Il caso, naturalmente, non è isolato; solo ieri il pessimo esempio di Ricci è stato seguito da una sua collega anche lei del PD ed anche lei marchigiana, come d’altra parte la Boldrini (regione tanto bella quanto sfortunata…). La signora Valeria Mancinelli, sindaco PD di Ancona, ha pensato bene di negare l’uso di una sala comunale richiesto da Casapound per la presentazione del suo candidato locale alla camera con l’intervento di Simone Di Stefano.
Se il caso di Ricci era detestabile per la natura della manifestazione negata, questo è particolarmente grave per il contesto: un’autorità amministrativa locale che in piena campagna elettorale impedisce la manifestazione di un candidato che partecipa regolarmente alle elezioni politiche.
Le motivazioni, come di consueto, sono aberranti ed anche in questo caso la sindaca di Ancona recita abusivamente parti in commedia che non le competono: quella di un tribunale e addirittura quella della Corte Costituzionale: “Le posizioni che esprime Casapound non fanno parte di una normale dialettica di confronto delle idee … quell’autorizzazione non è stata data perché è CasaPound e noi pensiamo di dover dare un segnale forte alla città e all’opinione pubblica”.
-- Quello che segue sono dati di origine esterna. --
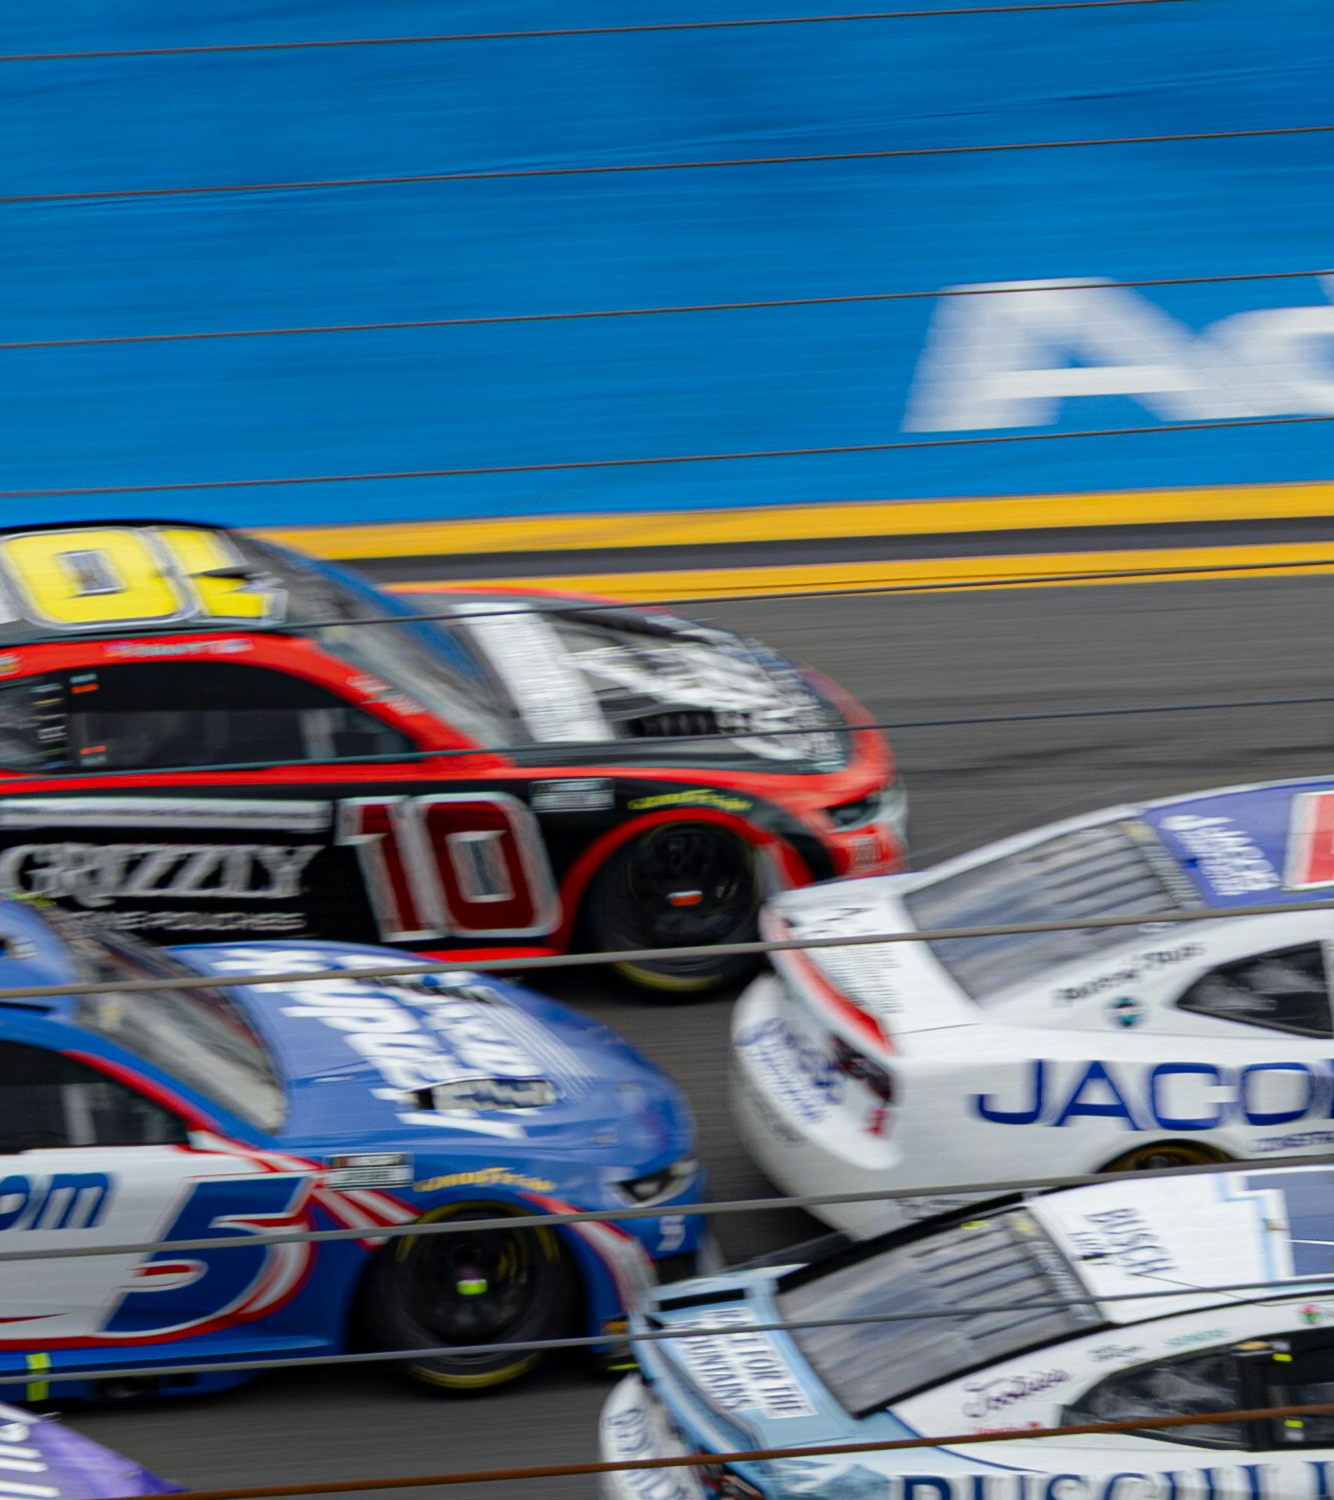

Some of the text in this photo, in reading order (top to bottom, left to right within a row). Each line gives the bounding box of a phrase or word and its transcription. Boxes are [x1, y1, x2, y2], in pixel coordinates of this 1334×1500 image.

A parte il consueto sfoggio di ignoranza istituzionale e giuridica, si tratta in tutta evidenza di comportamenti illegittimi che meriterebbero di finire davanti ai competenti tribunali: quelli amministrativi, come nel caso dell’Università del Salento, e anche quelli penali, visto che affermazioni e comportamenti come quelli della sindaca anconetana meriterebbero di confrontarsi, ad esempio, col reato di diffamazione (la Mancinelli aveva anche accostato Casapound ai campi di sterminio) e con quello di abuso di ufficio. Questi bravi sindaci dovrebbero studiare attentamente la materia, invece di parlare così a vanvera, ma chiederglielo sarebbe tempo perso.
Possiamo invece auguraci che anche in questo caso le farneticazioni degli apprendisti stregoni antifascisti della provincia italiana arrivino allo stesso risultato raggiunto da ANPI e compagni per il saluto romano: la creazione di una abbondante e pacifica giurisprudenza che renda evidente una volta per tutte l’assurdità delle loro decisioni.